Ray (Razor) Blacklock

Personal information
- Full name: Raymond Patrick Blacklock
- Born: 6 April 1955 Oberon, New South Wales, Australia
- Died: 28 October 2020 (aged 65) Cranebrook, New South Wales, Australia

Playing information
- Position: Wing
Club
| Years | Team | Pld | T | G | FG | P |
| 1976–80 | Penrith Panthers | 26 | 13 | 0 | 0 | 39 |
| 1981–82 | Newtown Jets | 31 | 13 | 0 | 0 | 39 |
| 1983–84 | Canberra Raiders | 30 | 2 | 0 | 0 | 8 |
|  | Total | 87 | 28 | 0 | 0 | 86 |
- Source: Whiticker/Hudson
- Relatives: Nathan Blacklock (nephew)

= Ray Blacklock =

Australian rugby league footballer (1955–2020)

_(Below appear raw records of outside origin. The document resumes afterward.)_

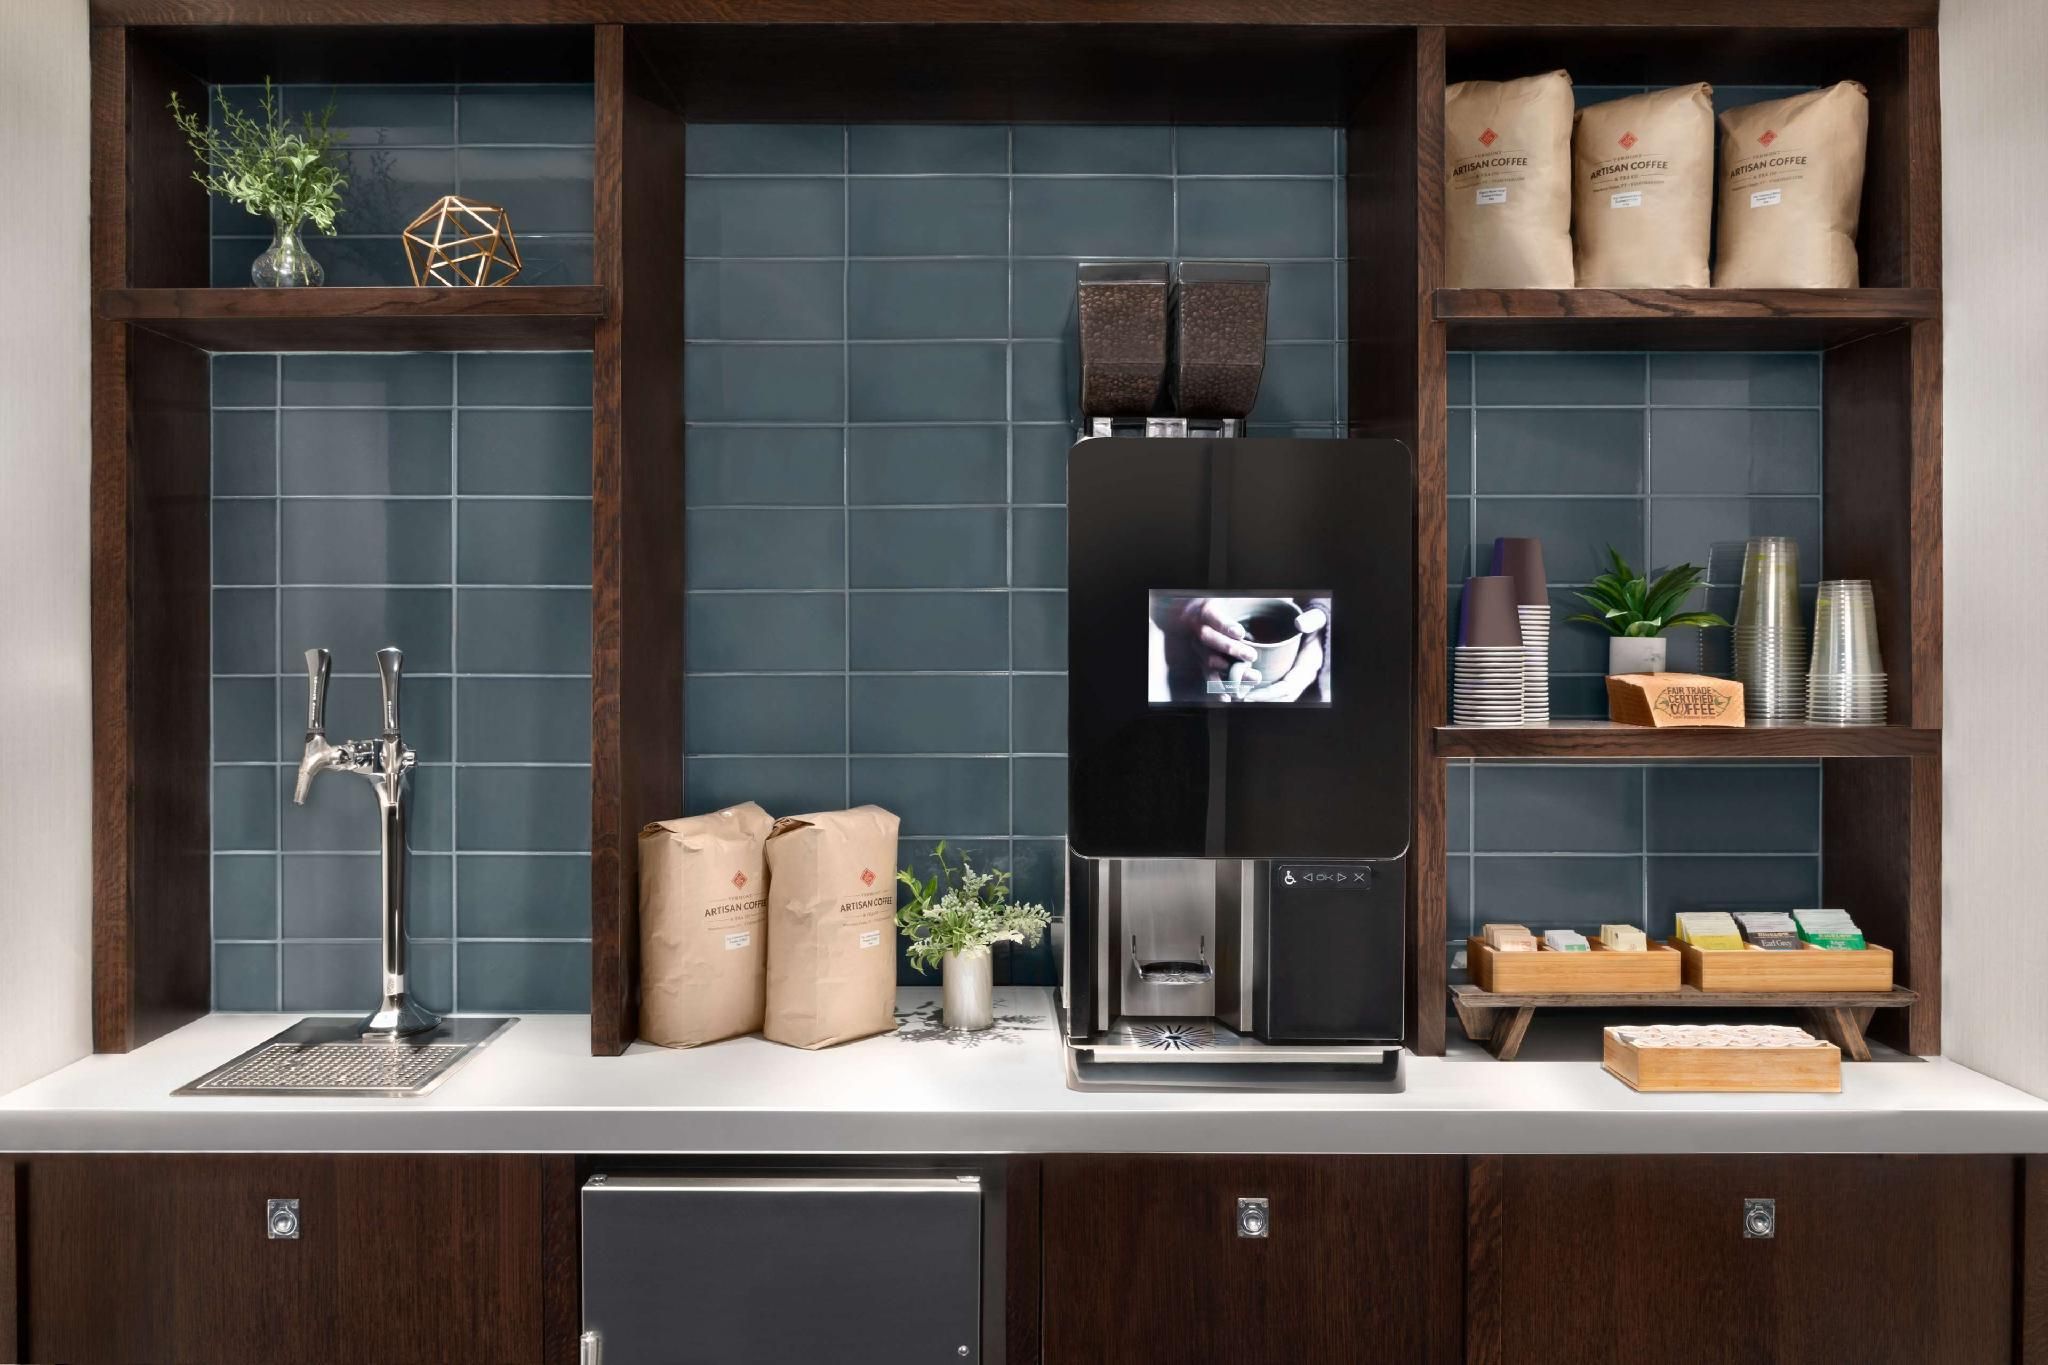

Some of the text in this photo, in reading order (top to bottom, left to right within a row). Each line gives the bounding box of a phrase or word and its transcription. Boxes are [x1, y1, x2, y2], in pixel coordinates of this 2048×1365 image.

[1452, 159, 1489, 177] ARTISAN
[1491, 157, 1528, 167] COFFEE
[1590, 163, 1629, 180] ARTISAN
[1630, 160, 1669, 170] COFFEE
[1730, 161, 1767, 179] ARTISAN
[1769, 156, 1808, 167] COFFEE
[1667, 686, 1712, 695] FAIR TRADE
[1668, 694, 1714, 704] CERTIFIED
[1670, 703, 1716, 716] COFFEE
[705, 903, 742, 917] ARTISAN
[840, 899, 873, 913] ARTISAN
[873, 896, 893, 906] COFFEE
[1761, 939, 1793, 947] Earl Grey

Raymond Patrick Blacklock (6 April 1955 – 28 October 2020) was an Australian rugby league footballer who played in the 1970s and 1980s.

==Playing career==
He started his career at the Penrith Panthers, making first grade in 1976. Blacklock played four seasons at Penrith between 1976 and 1980 and captained the Panthers' Under-23s side that won the premiership in 1978.

He then switched to the Newtown Jets for two seasons between 1981 and 1982. Blacklock played wing in the 1981 Grand Final team that were defeated by the Parramatta Eels.

He moved to Canberra Raiders for his final two seasons (1983–1984) before retiring. Blacklock was the paternal uncle of St George-Illawarra Dragons legend, Nathan Blacklock

Blacklock died on 28 October 2020, aged 65, after a five-year battle with multiple system atrophy.